[Opening Dataset records section]
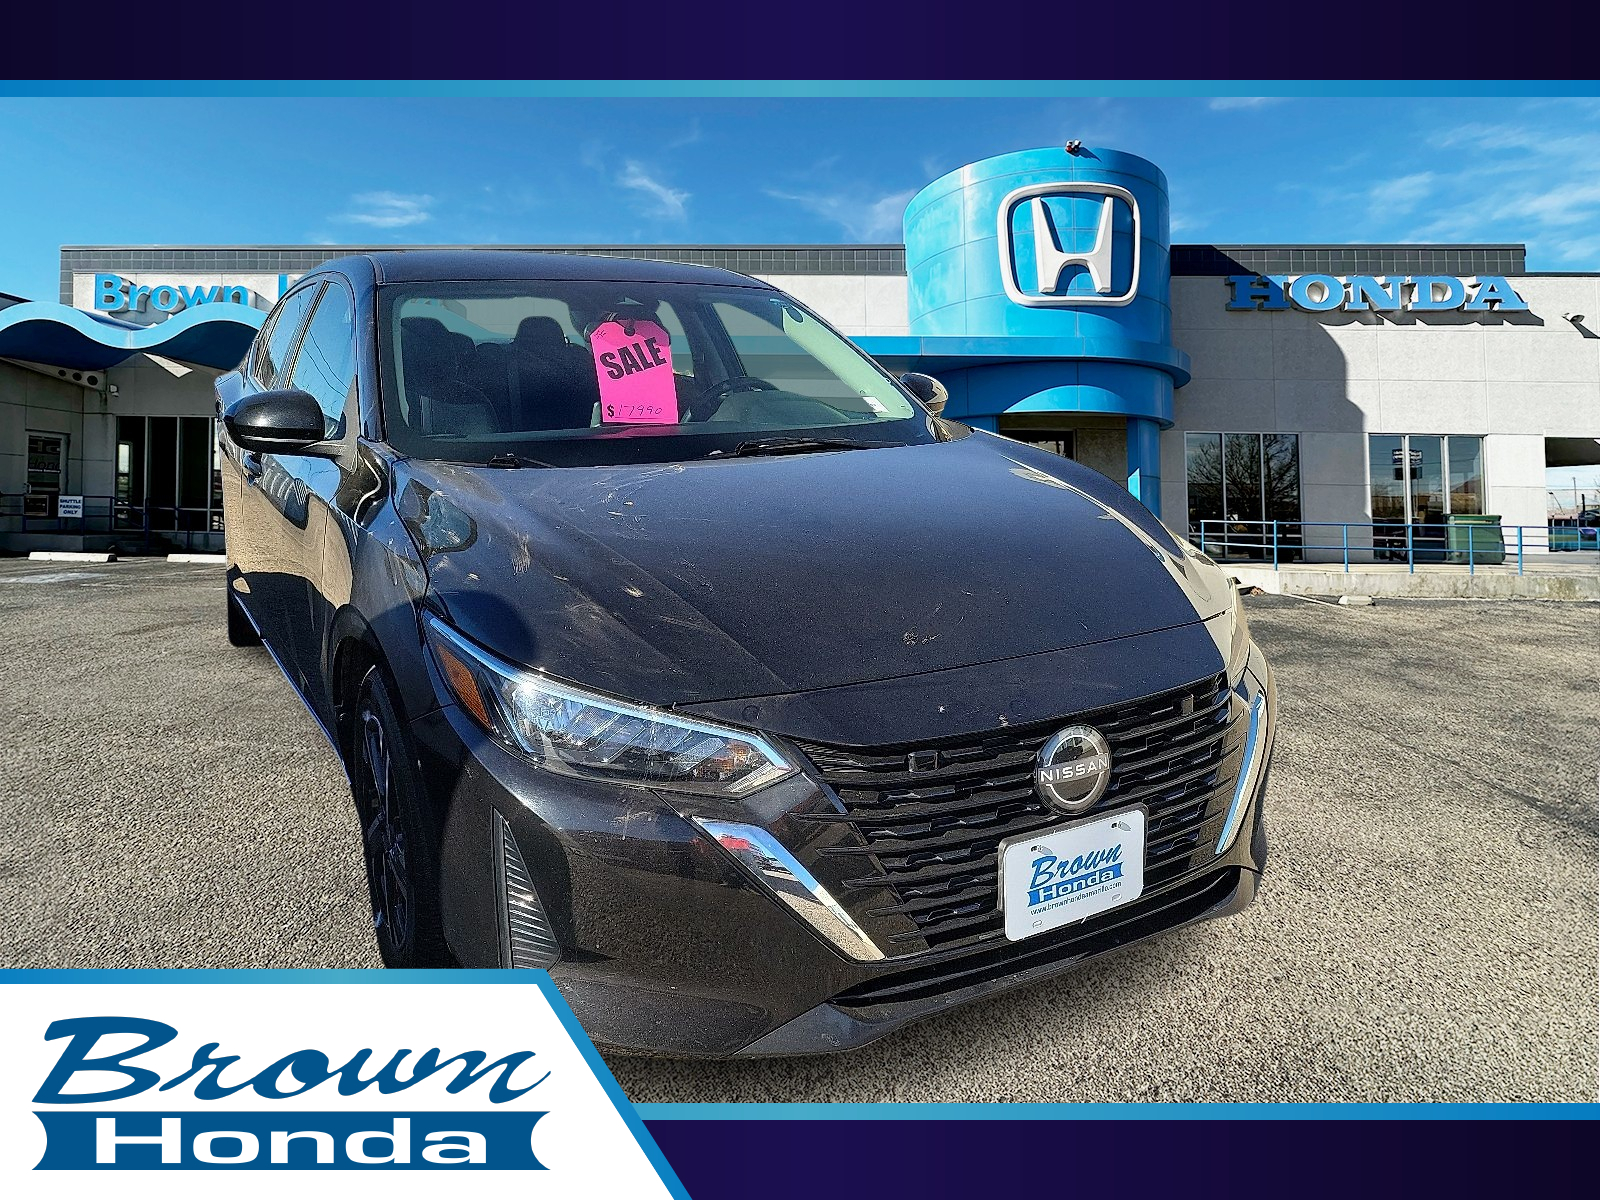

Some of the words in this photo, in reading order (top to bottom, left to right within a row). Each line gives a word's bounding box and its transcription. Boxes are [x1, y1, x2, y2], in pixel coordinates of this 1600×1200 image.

[95, 274, 248, 311] Brown
[1226, 274, 1529, 312] HONDA
[600, 337, 667, 379] SALE
[1040, 756, 1108, 783] NISSAN
[1029, 843, 1122, 890] Brown
[1038, 869, 1114, 903] Honda
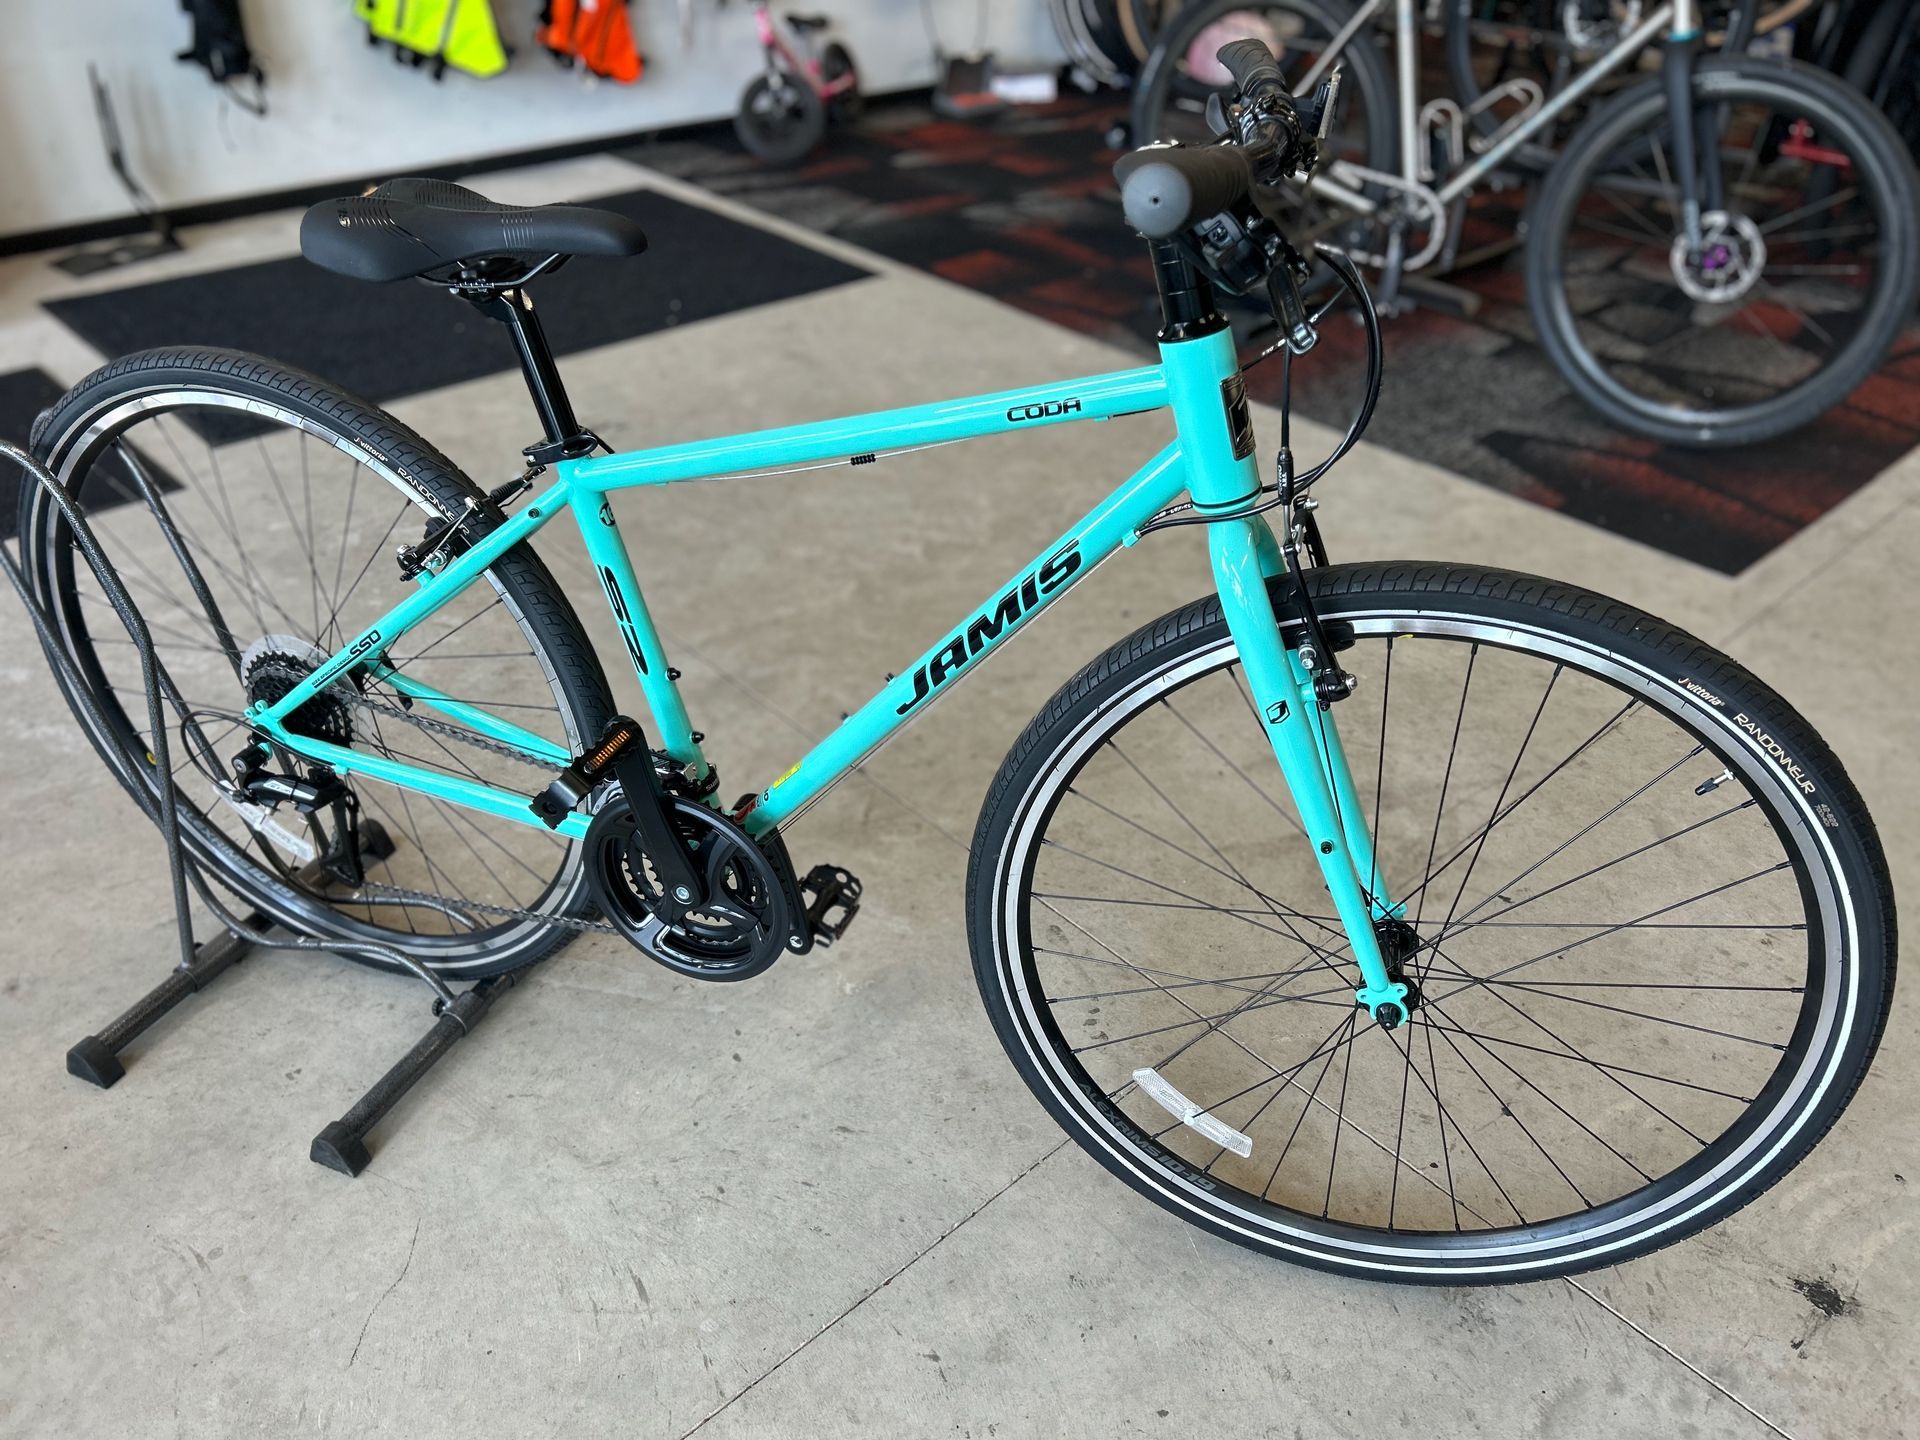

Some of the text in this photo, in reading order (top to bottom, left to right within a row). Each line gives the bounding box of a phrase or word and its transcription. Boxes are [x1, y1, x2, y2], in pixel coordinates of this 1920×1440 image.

[1006, 396, 1082, 422] CODA
[397, 466, 470, 535] RANDONNER
[349, 629, 382, 656] SSD
[895, 537, 1082, 716] JAMIS
[1733, 712, 1816, 795] RANDONNEUR
[1078, 1083, 1163, 1159] ALEXRIMS
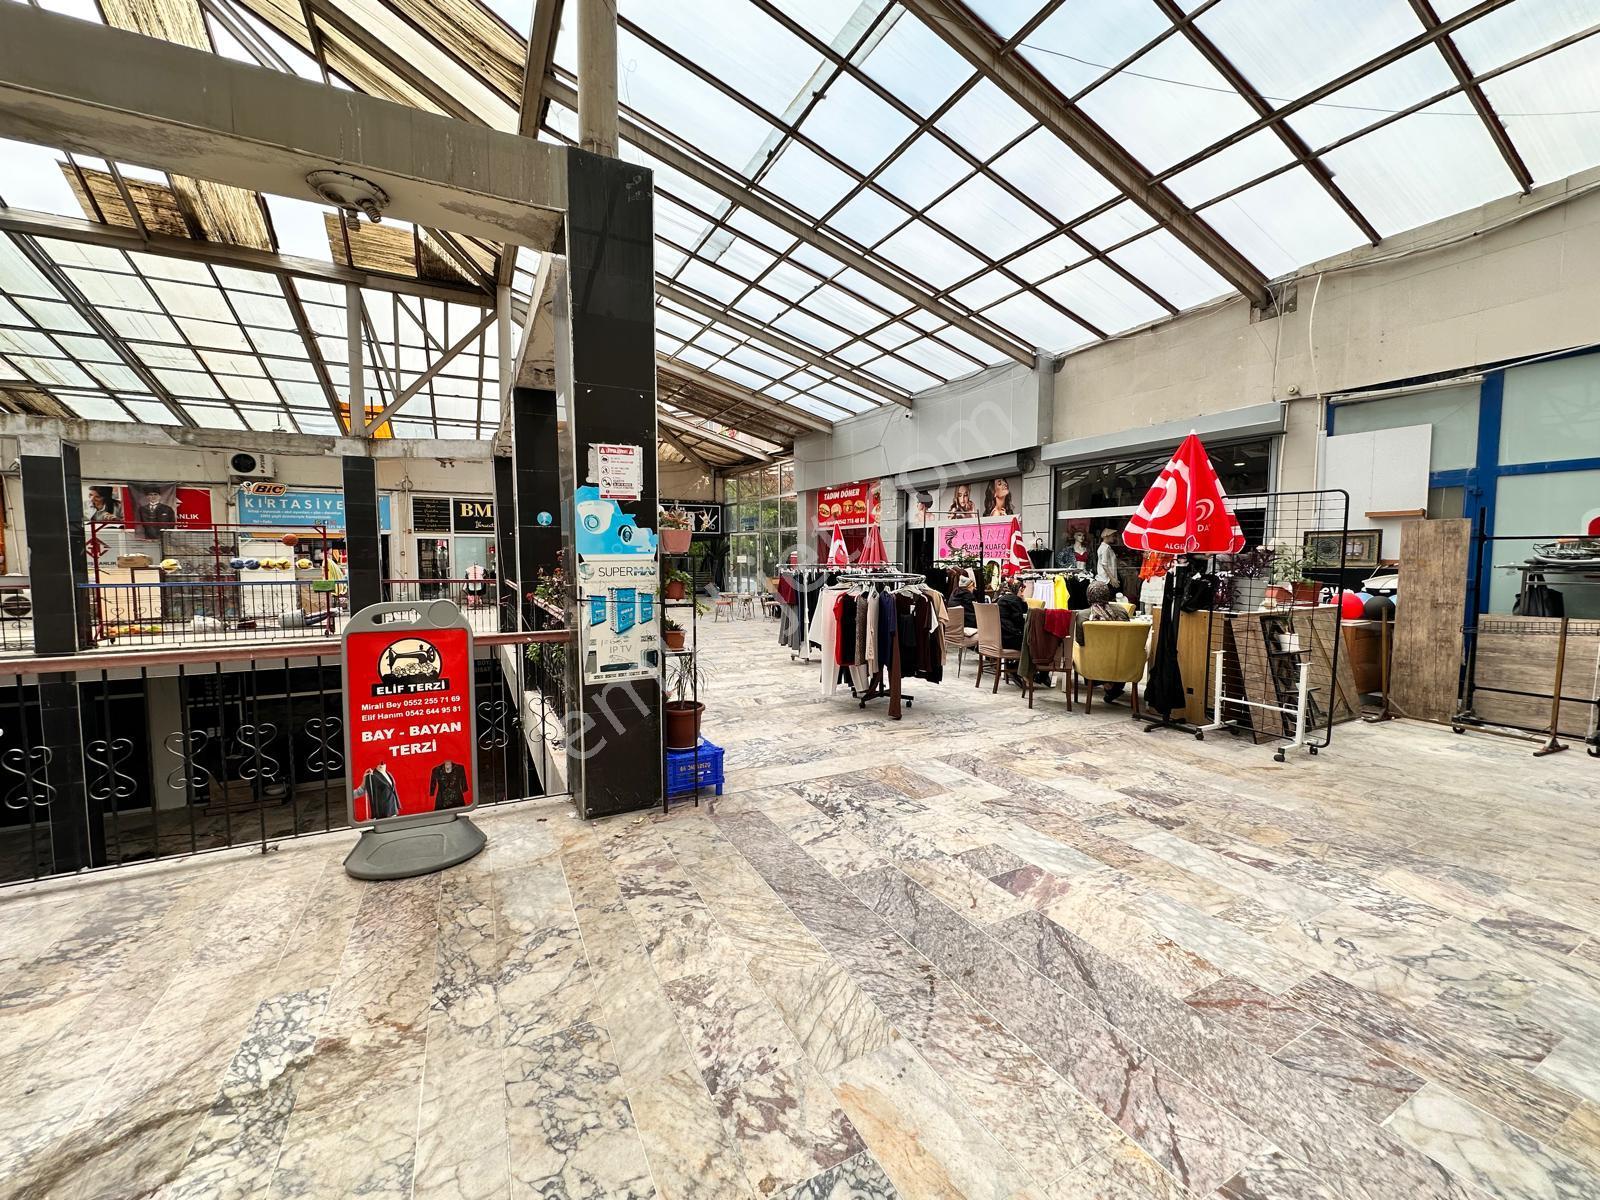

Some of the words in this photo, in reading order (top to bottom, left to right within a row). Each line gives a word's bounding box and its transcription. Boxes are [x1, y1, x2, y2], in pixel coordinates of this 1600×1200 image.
[Closing Dataset records section]
- What is being asked -
Without the pictures, copy out each entry exactly as it stands.

- Response for this exercise -
Some of the words in this photo, in reading order (top to bottom, left to right within a row). Each line gives a word's bounding box and its transcription. Boxes are [x1, y1, x2, y2], in pixel coordinates of this 1600×1200 image.

[95, 274, 248, 311] Brown
[1226, 274, 1529, 312] HONDA
[600, 337, 667, 379] SALE
[1040, 756, 1108, 783] NISSAN
[1029, 843, 1122, 890] Brown
[1038, 869, 1114, 903] Honda

Some of the text in this photo, in reading order (top to bottom, left to right within a row). Each line gives the bounding box of a phrase or word and its transcription. Boxes are [x1, y1, x2, y2], in pixel coordinates of this 1920×1440 image.

[1006, 396, 1082, 422] CODA
[397, 466, 470, 535] RANDONNER
[349, 629, 382, 656] SSD
[895, 537, 1082, 716] JAMIS
[1733, 712, 1816, 795] RANDONNEUR
[1078, 1083, 1163, 1159] ALEXRIMS

Some of the words in this photo, in reading order (top to bottom, left to right within a row). Each line gives a word's bounding box and its transcription. Boxes are [x1, y1, x2, y2], in pixel coordinates of this 1600×1200 image.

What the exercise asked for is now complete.